К семи часам вечера в гостиной Бенедиктова собирается человек пятнадцать. Появляется и сам хозяин* Он в сером легком костюме, сияющий, радостный. Вместе с ним входят экономический советник Сергеев, инженер Голдин и Кирилл.
- Извините за опоздание, друзья, - говорит посол. - Дела!.. Прошу к столу! Асенька, - он отыскивает глазами жену военного атташе Кочеткову, хохотушку и модницу. - Не откажитесь быть хозяйкой нашего застолья!..

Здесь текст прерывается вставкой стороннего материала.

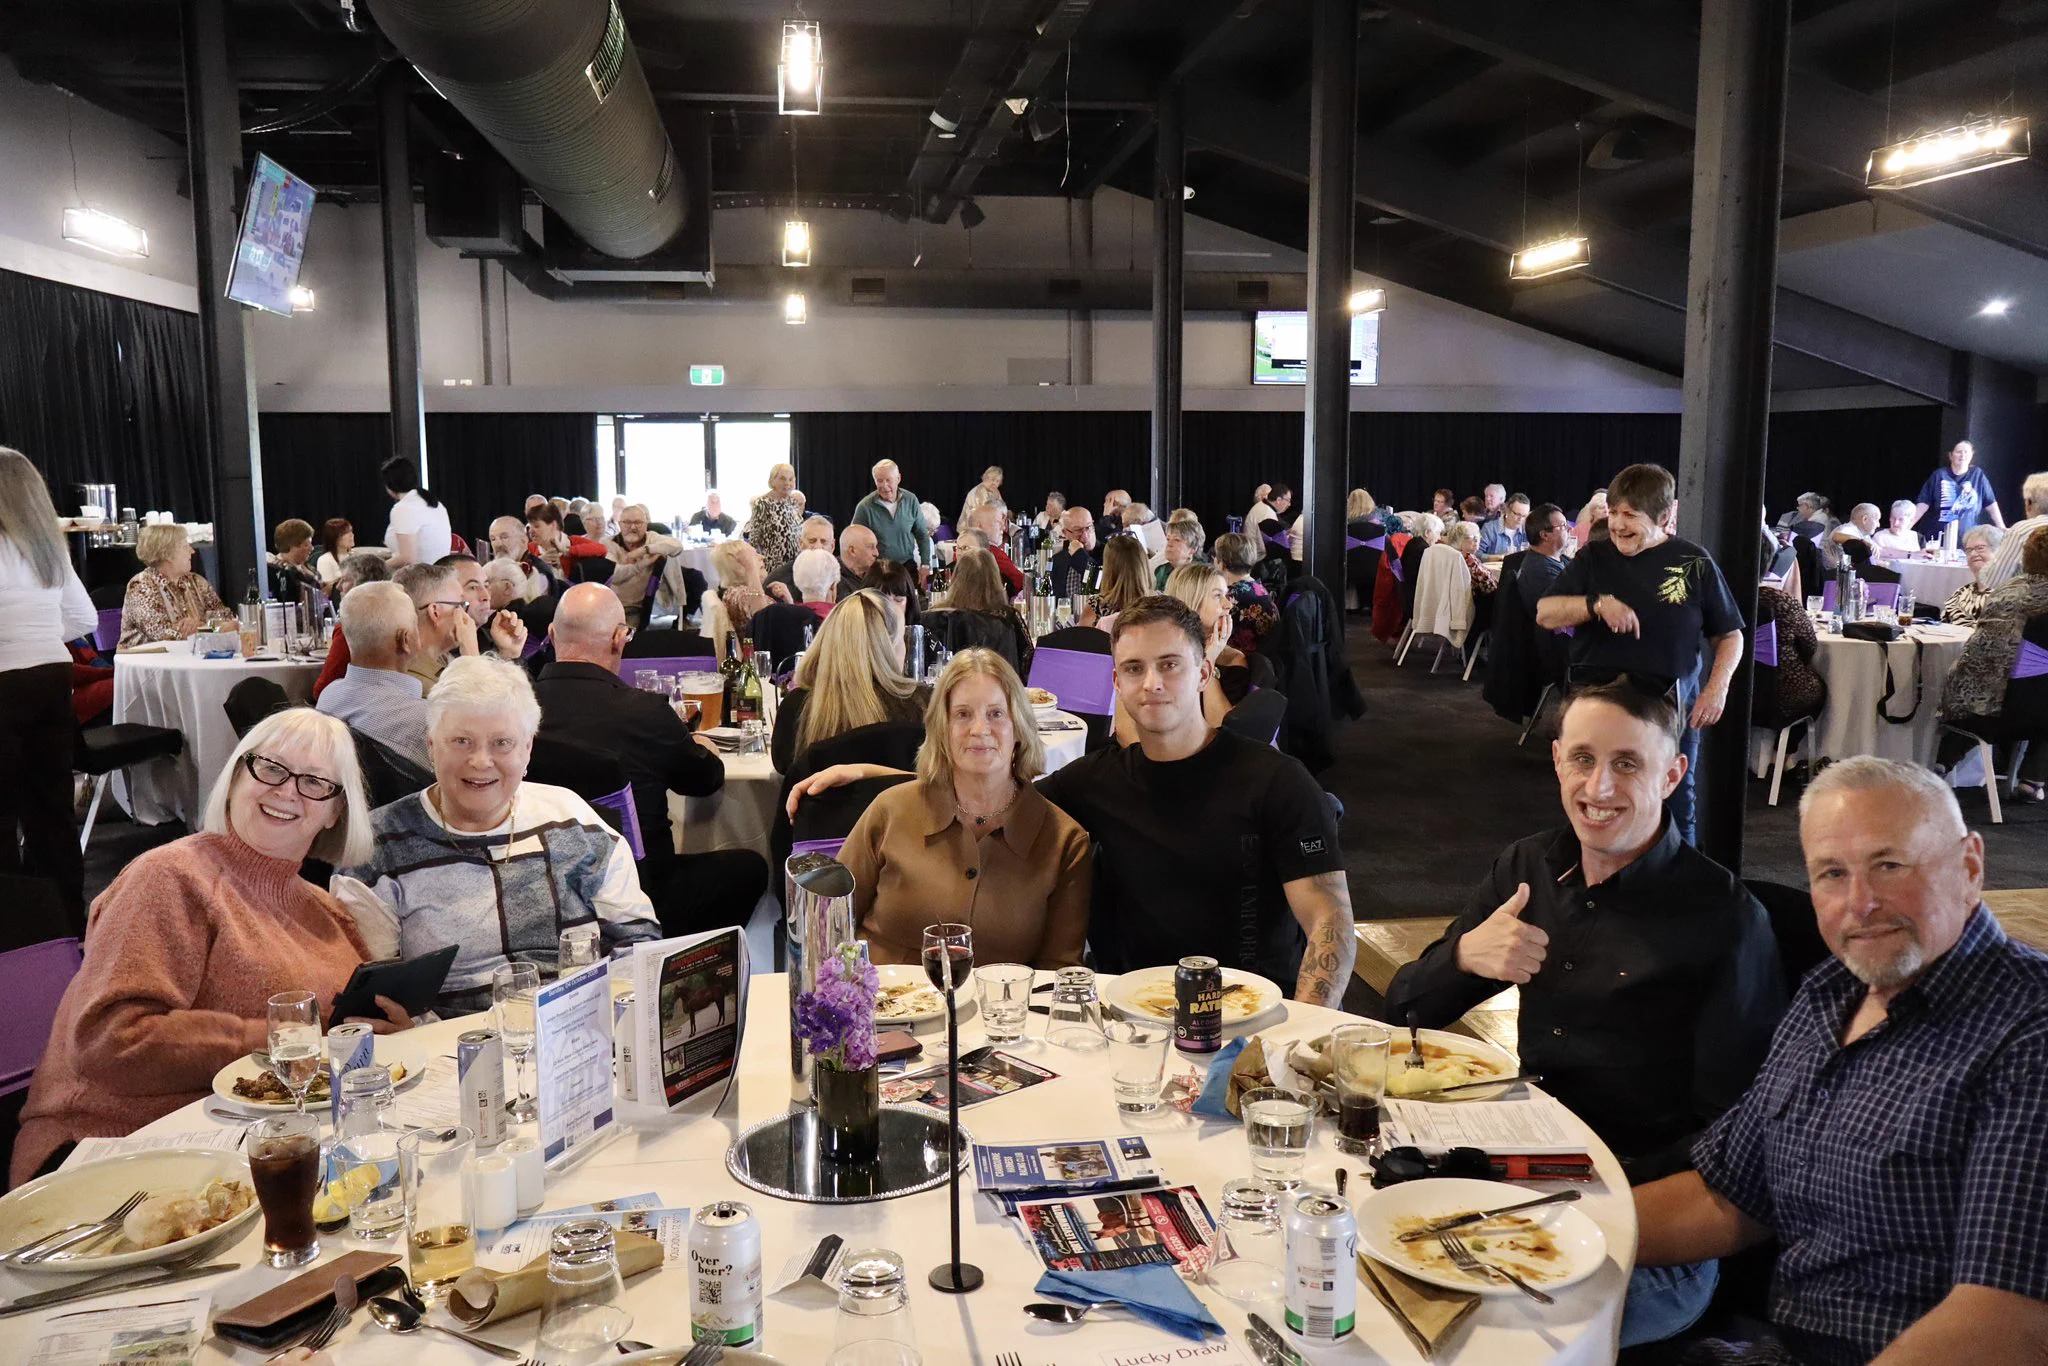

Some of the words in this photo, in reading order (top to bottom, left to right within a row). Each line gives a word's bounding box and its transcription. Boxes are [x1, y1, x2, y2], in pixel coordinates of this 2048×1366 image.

[1303, 839, 1322, 851] EA7
[1190, 1001, 1222, 1014] RATE
[691, 1250, 719, 1265] Over
[698, 1263, 733, 1276] beer?
[1114, 1351, 1171, 1366] Lucky
[1176, 1344, 1228, 1360] Draw
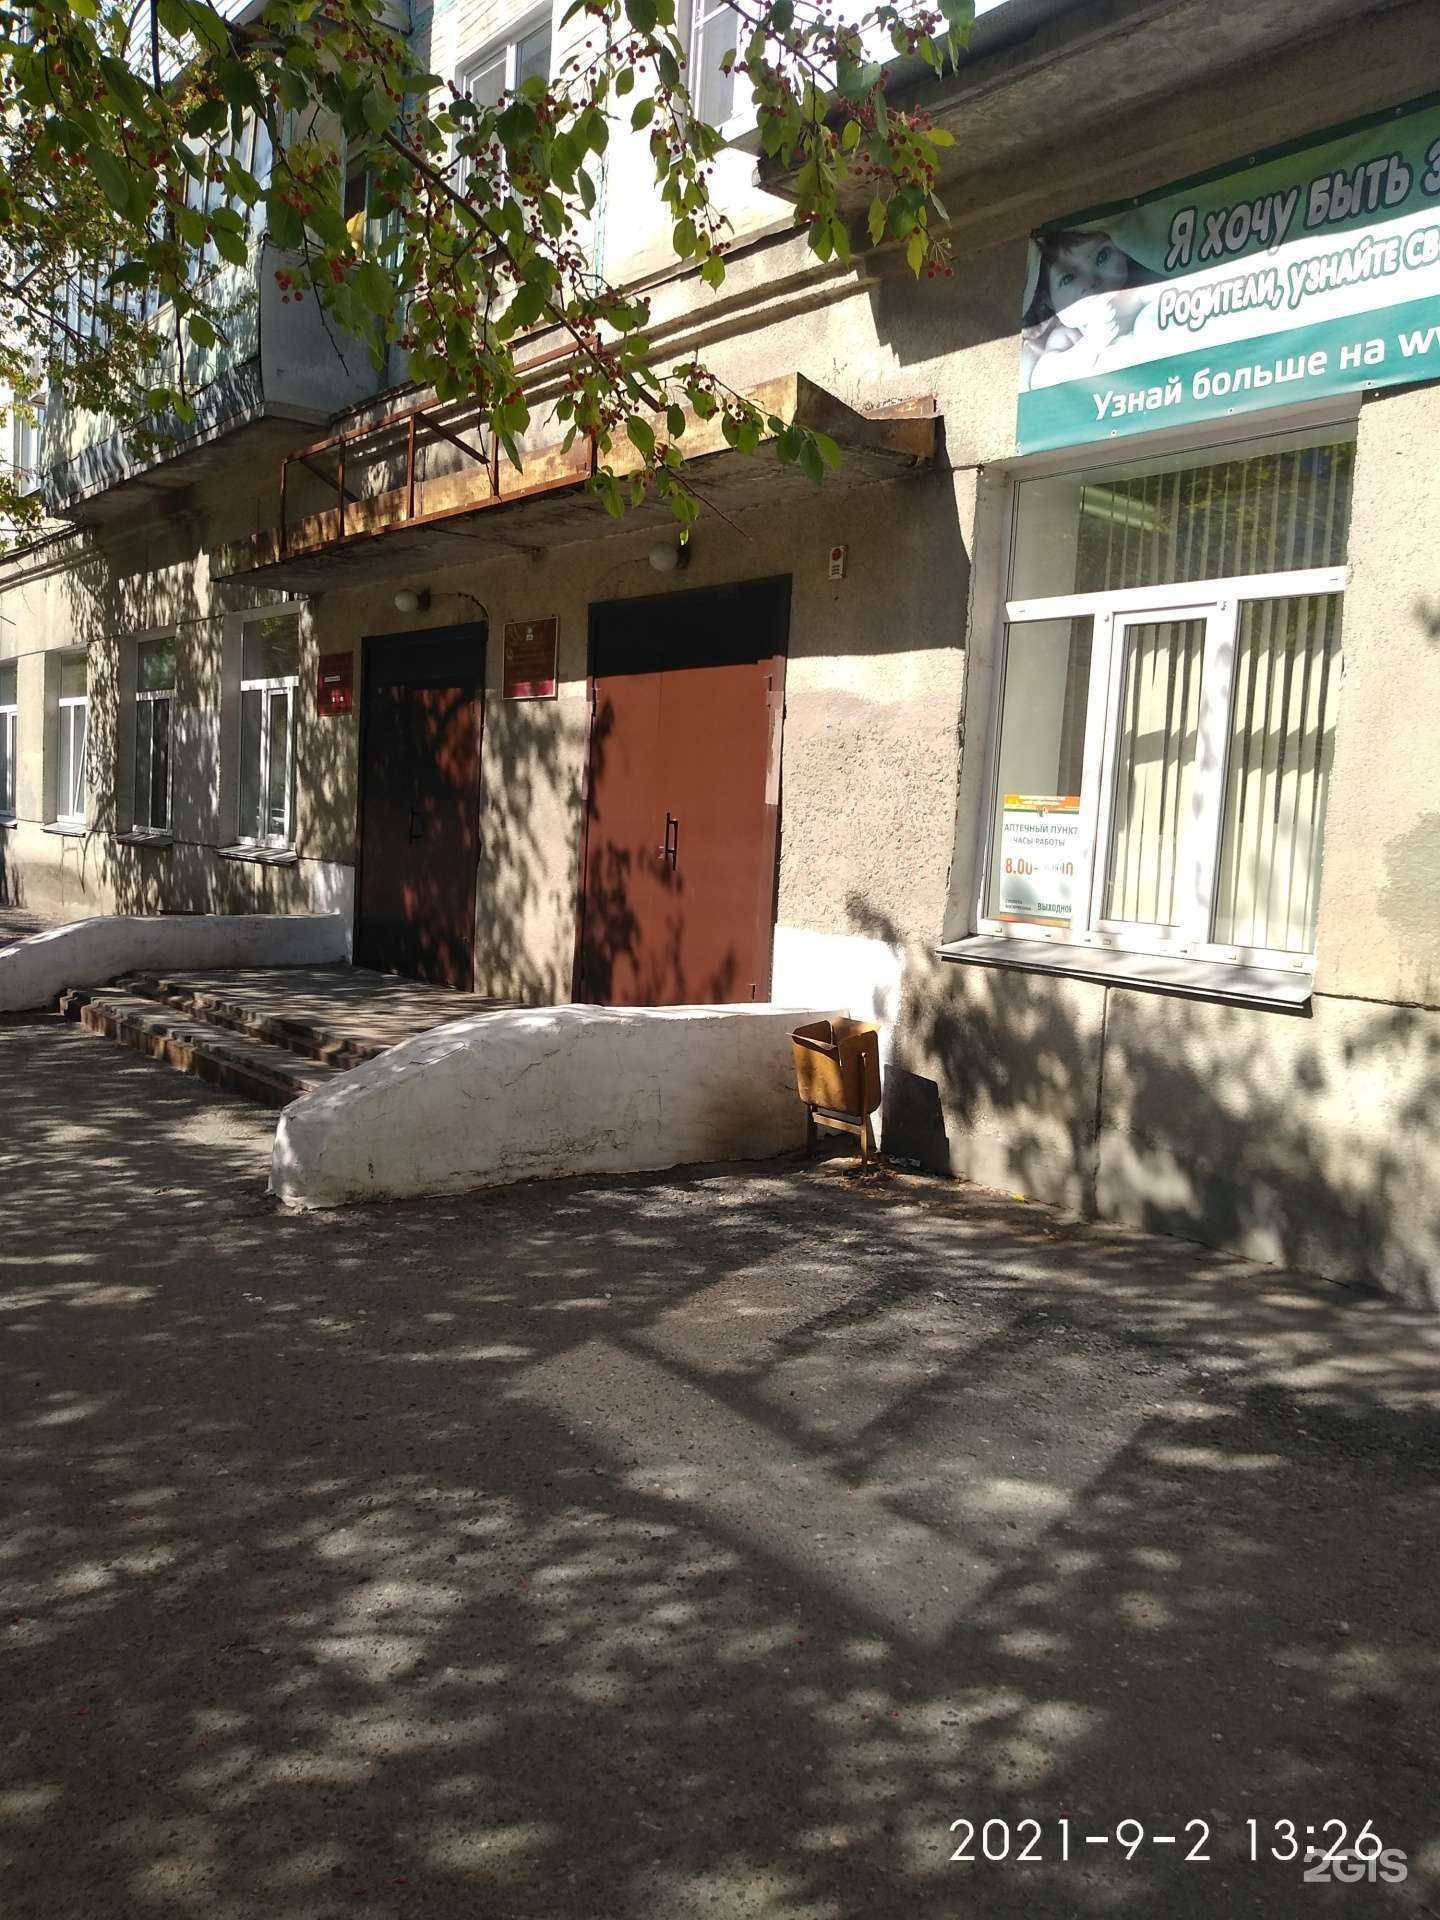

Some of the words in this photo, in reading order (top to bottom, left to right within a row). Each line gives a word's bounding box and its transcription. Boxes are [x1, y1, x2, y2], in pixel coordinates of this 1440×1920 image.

[1165, 208, 1199, 271] Я
[1304, 152, 1412, 229] БЫТЬ
[1093, 377, 1182, 420] Узнай
[1192, 357, 1327, 399] больше
[1339, 338, 1385, 370] на
[1004, 823, 1049, 833] АПТЕЧНЫЙ
[1050, 825, 1079, 835] ПУНКТ
[1013, 836, 1034, 845] ЧАСЫ
[1035, 837, 1066, 847] РАБОТЫ

За столом некоторое время все молчат. Никто не решается взять на себя инициативу произнести тост.
"Боятся, как бы их в подхалимаже не обвинили", - недовольно думает Бенедиктов. Он встает, поднимает бокал с шампанским.
- Спасибо вам за то, что вы пришли разделить со мной мою радость, говорит он. - Да, да, я не оговорился - радость, мое шестидесятилетие. Ведь многие из вас как думают? Бенедиктов - старик. Скоро на пенсию пора"... И правда, по годам я старше многих, сидящих за этим столом. Но я убежден, что человеку столько лет, на сколько он себя чувствует. Итак, за энергию и молодость в работе! Во всем: в жизни, в труде, в любви, - за молодость!
- Ивану Александровичу - ура! - негромко восклицает Раздеев и бежит чокаться с послом. Второй тост произнес Кирилл.
Он встал среди общего разговора, почти никому тут не известный человек, постучал вилкой о рюмку.
- Я не мастак тосты говорить. Но два слова скажу. Скажу!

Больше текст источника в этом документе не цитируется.